Sul punto, nel verbale del 21.10.2014, il collaboratore di giustizia Enrico De Rosa riferiva, dapprima, in merito a Bruno Martino, cugino dell’omonimo Fortunato, ucciso in un agguato mafioso. Bruno Martino era un imprenditore con vari interessi nell’edilizia, nel settore dei rifiuti e nella gestione degli esercizi di somministrazione di cibi e bevande; orbene, riferendo enea le sue co-interessenze mafiose, il De Rosa rendeva dichiarazioni anche sul conto del cugino Fortunato Martino, secondo una linea narrativa di apprezzabile genuinità che coinvolgeva l’odierno indagato nell’ambito del naturale sviluppo della propalazione attinente il cugino.

Questi i passaggi salienti del verbale.

Le accuse ed il ruolo di Francesco Cozza

Anche l’ex capitano della Reggina Francesco Cozza è finito tra gli indagati nell’inchiesta ‘Planning‘.

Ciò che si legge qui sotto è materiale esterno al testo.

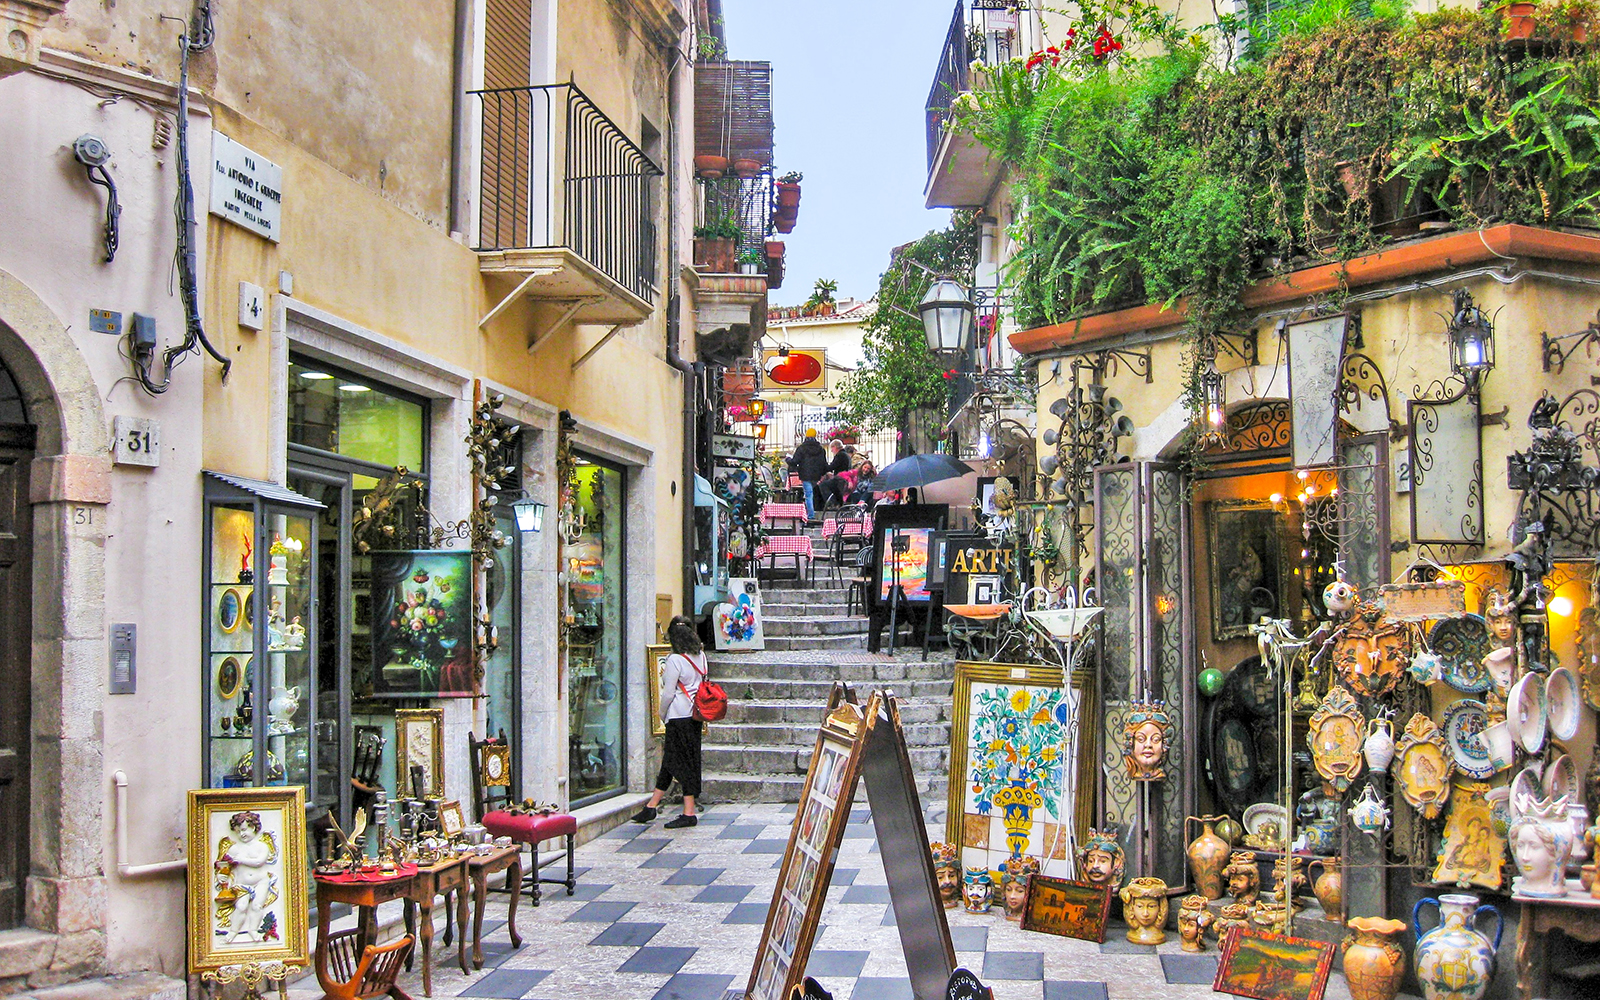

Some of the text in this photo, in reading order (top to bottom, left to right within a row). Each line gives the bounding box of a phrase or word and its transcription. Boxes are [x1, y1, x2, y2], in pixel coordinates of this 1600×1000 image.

[244, 157, 256, 171] VIA
[228, 167, 254, 188] ANTONIO
[255, 181, 259, 192] E
[260, 184, 281, 204] GIUSEPPE
[250, 297, 259, 317] 4
[128, 430, 150, 453] 31
[75, 507, 92, 525] 31
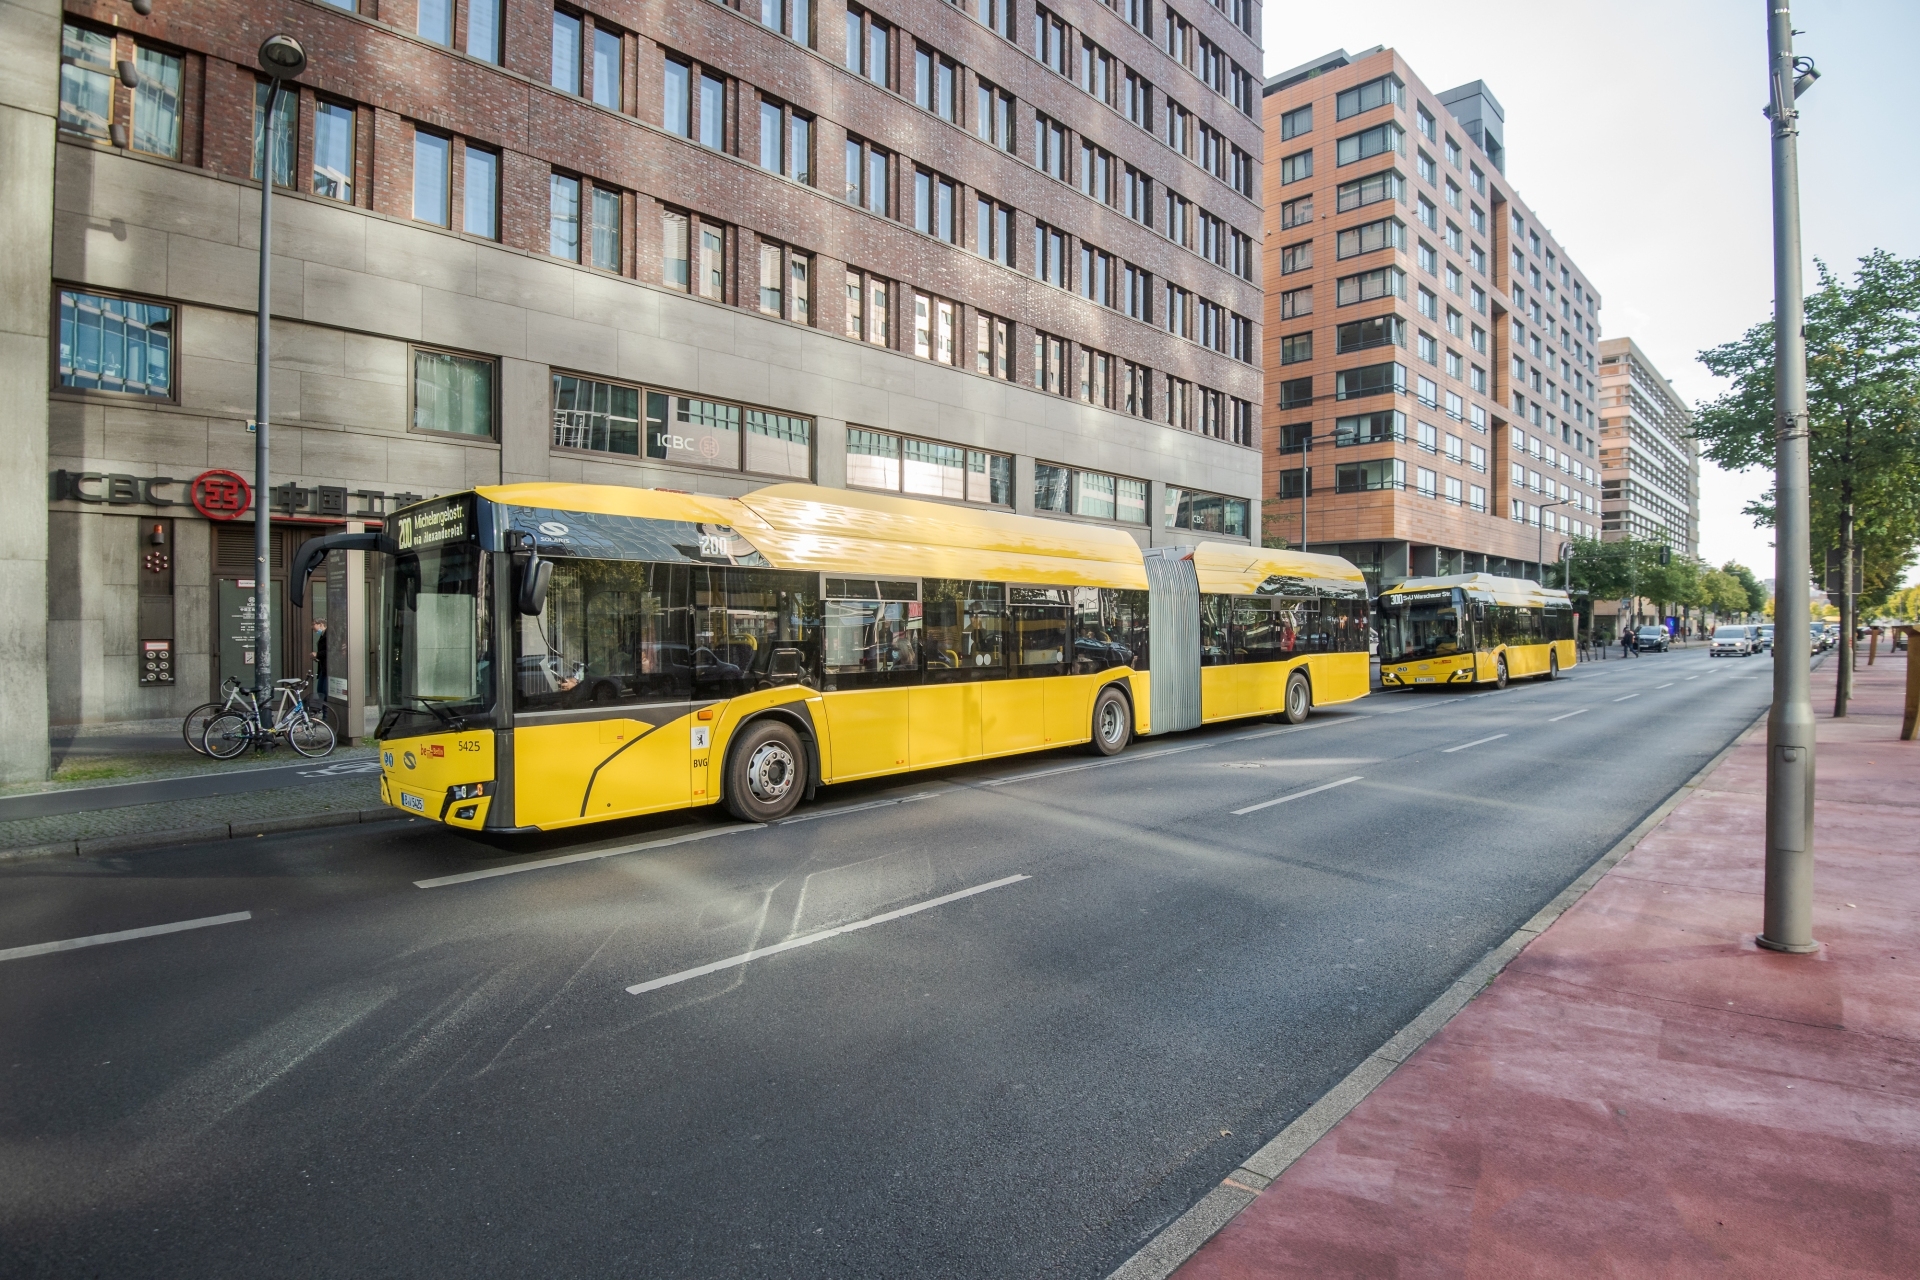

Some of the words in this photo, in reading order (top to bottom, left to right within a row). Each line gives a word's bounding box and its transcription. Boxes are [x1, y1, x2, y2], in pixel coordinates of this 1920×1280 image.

Anche lui viene accusato di aver costituito un’associazione per delinquere – finalizzata alla commissione di una pluralità di delitti di trasferimento fraudolento di valori, riciclaggio, auto-riciclaggio, reimpiego – che era finalizzata a garantire a Giampiero Gangemi, Fortunato Martino, Domenico Giovanni Suraci, Vincenzo Lo Giudice e Marcello Brunozzi di governare e gestire i rapporti giuridici, quelli economici ed i flussi finanziari, conseguenti ai rapporti avviati ed a quelli da sviluppare in futuro dalla Business Group S.p.a. e dal gruppo imprese da questa gemmate o a questa collegate, in relazione all’avvio di una pluralità di centri commercial in Abruzzo, eludendo l ’applicazione delle misure di prevenzione patrimoniali ed avviando attività di riciclaggio e reimpiego dei proventi conseguiti in Reggio Calabria ed altri luoghi de! territorio nazionale, in sinergia con la Ndrangheta.

Francesco Cozza, Tiziana Spina e Di Giambattista Roberto, sono considerati partecipi dell’associazione, intestatari fittizi di partecipazioni sociali e ruoli amministrativi, funzionali a garantire a Giampiero Gangemi, Fortunato Martino, Domenico Giovanni Suraci, Vincenzo Lo Giudice e Marcello Brunozzi di eludere l’applicazione delle misure di prevenzione e di gestire i flussi finanziari conseguenti all’investimento finanziario.